Acá dejpo otras fotos 



















El ocaso en Pimentel


----------



## JUANJOS (Sep 25, 2008)

Pongan Mas fotos!!!! aun queda verano nesecitamos ver estos destinos!!!


----------



## alej_or (Nov 19, 2010)

Voy a ver si uno de estos dias caigo x allí


----------



## salomon23 (Jan 12, 2011)

Pimentel fue lo mejor de mi viaje a Peru!! Bello


----------



## RapperSchool (Oct 16, 2010)

salomon23 said:


> Pimentel fue lo mejor de mi viaje a Peru!! Bello



que bueno que te halla gustado.. 


http://www.facebook.com/pages/Chiclayo-Pimentel-Beach/268143236579323


----------



## alej_or (Nov 19, 2010)

el muelle de pimentel...espero que este año lo terminen de reconstruir de una vez por todas


----------



## drinks_21 (Dec 6, 2005)

Bueno no termina de agradarme quiza como dicen se ve como que los edificios estanh sin tarrajear pero tiene gran potencial


----------



## antonioaqp (Nov 9, 2010)

Grata sorpresa me lleve de Pimentel cuando estuve por Lambayeque! Bonito lugar y allí comí uno de los mejores cebiches que he probado en toda mi vida (aun corta por si las dudas :lol: )

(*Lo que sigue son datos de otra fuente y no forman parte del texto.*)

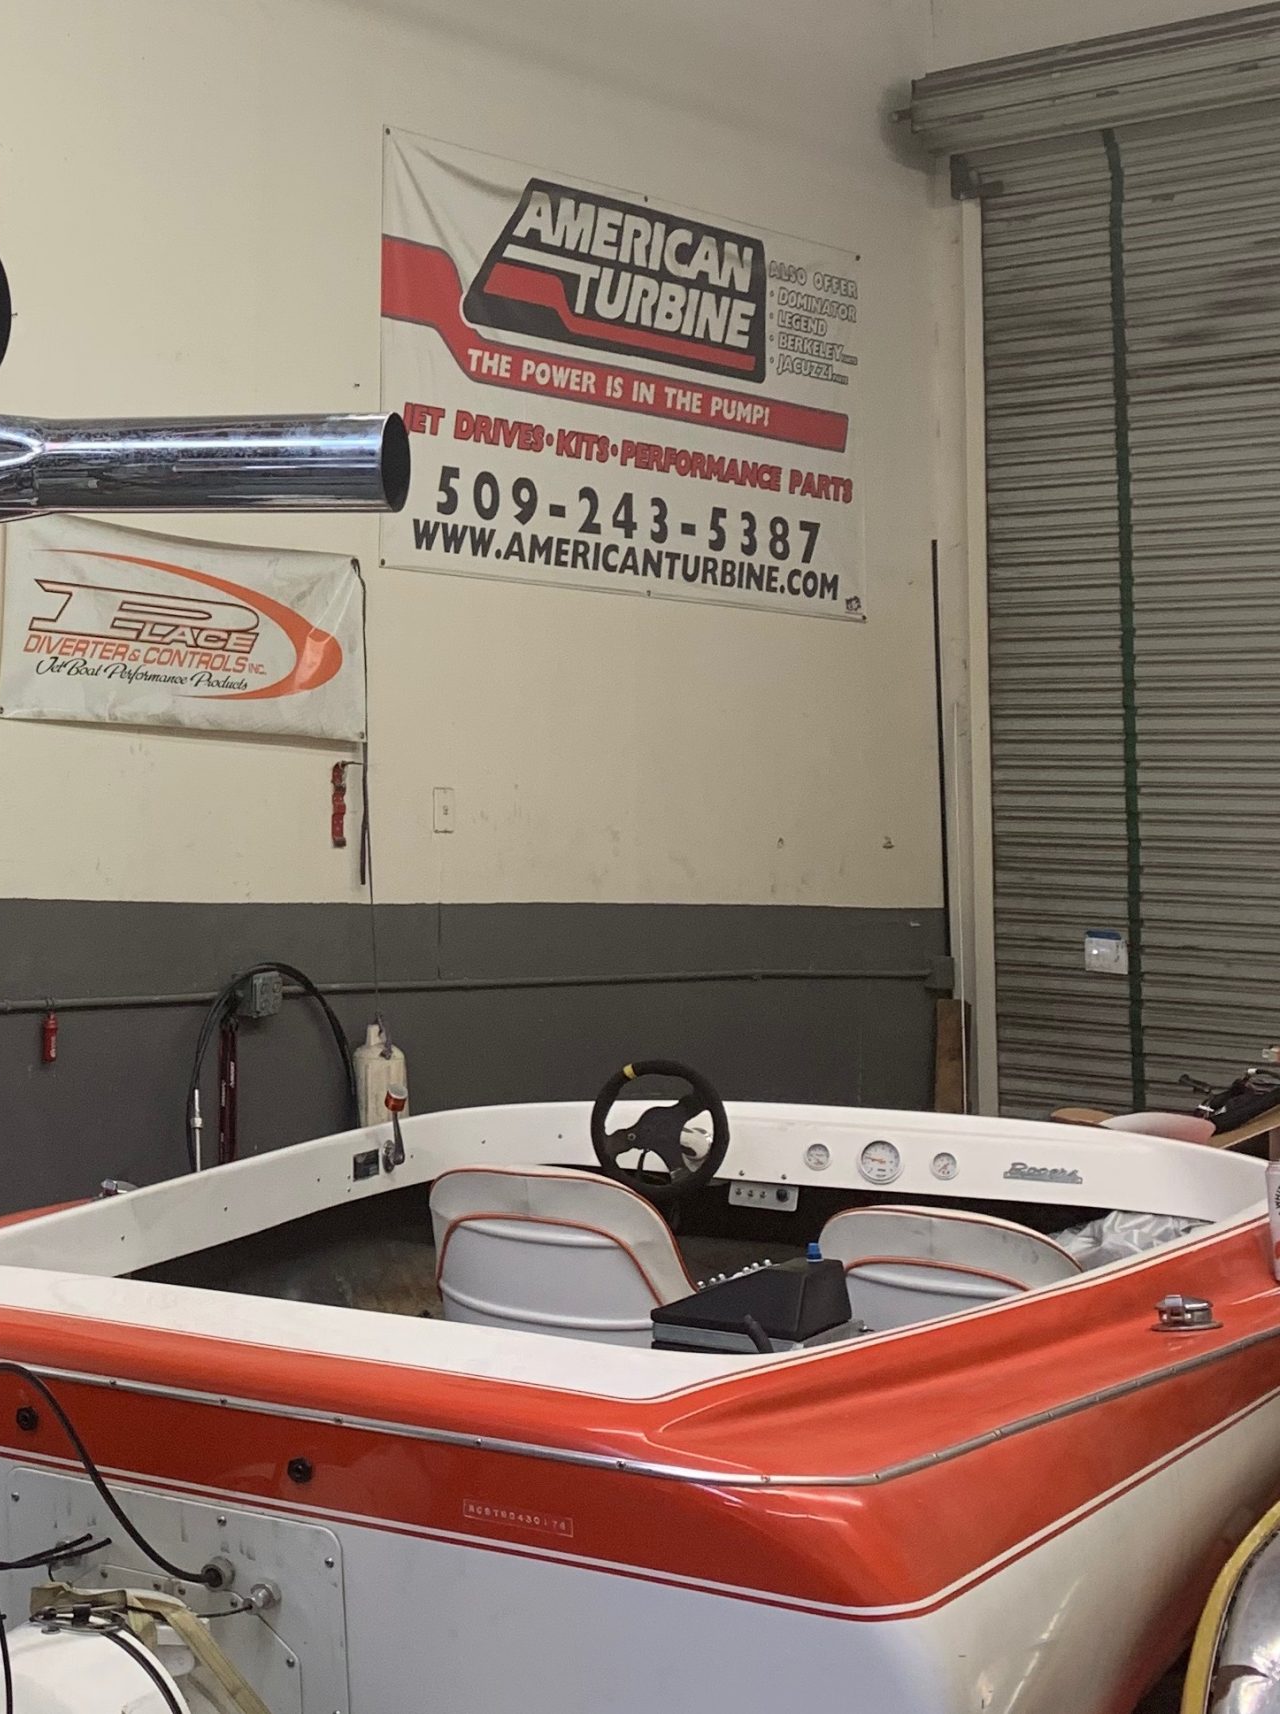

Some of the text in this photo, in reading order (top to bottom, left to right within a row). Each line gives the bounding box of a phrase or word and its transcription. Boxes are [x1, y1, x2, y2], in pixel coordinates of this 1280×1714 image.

PD. Debo resaltar que quede impresionado tambien de la belleza de las chiclayanas! :cheers:


----------



## alej_or (Nov 19, 2010)

drinks_21 said:


> Bueno no termina de agradarme quiza como dicen se ve como que los edificios estanh sin tarrajear pero tiene gran potencial


Es la impresion que da la foto...pero no es así, si lo conocieras en persona opinarias diferente


----------



## alej_or (Nov 19, 2010)

antonioaqp said:


> Grata sorpresa me lleve de Pimentel cuando estuve por Lambayeque! Bonito lugar y allí comí uno de los mejores cebiches que he probado en toda mi vida (aun corta por si las dudas :lol: )
> 
> PD. Debo resaltar que quede impresionado tambien de la belleza de las chiclayanas! :cheers:


Gracias amigo, esperamos que estes devuelta por estas tierras kay:


----------



## RapperSchool (Oct 16, 2010)

antonioaqp said:


> Grata sorpresa me lleve de Pimentel cuando estuve por Lambayeque! Bonito lugar y allí comí uno de los mejores cebiches que he probado en toda mi vida (aun corta por si las dudas :lol: )
> 
> PD. Debo resaltar que quede impresionado tambien de la belleza de las chiclayanas! :cheers:


No es por nada pero es Muy Acertado tu comentario así es en chiclayo rica comida y buenas mujeres..:cheers:


----------



## Angelsky (Jun 1, 2010)

alej_or said:


> Aqui otrs pics
> 
> 
> 
> ...


Excelentes tus fotos mi amigoo... espero publicar otras que tengo por ahi guardadas... bello mi Pimentel querido...


----------



## Angelsky (Jun 1, 2010)

antonioaqp said:


> Grata sorpresa me lleve de Pimentel cuando estuve por Lambayeque! Bonito lugar y allí comí uno de los mejores cebiches que he probado en toda mi vida (aun corta por si las dudas :lol: )
> 
> PD. Debo resaltar que quede impresionado tambien de la belleza de las chiclayanas! :cheers:


De eso no hay duda mi amigo...


----------



## JUANJOS (Sep 25, 2008)

se acaba el verano, un lugar deseable... mas fotos!!!


----------



## alej_or (Nov 19, 2010)

JUANJOS said:


> se acaba el verano, un lugar deseable... mas fotos!!!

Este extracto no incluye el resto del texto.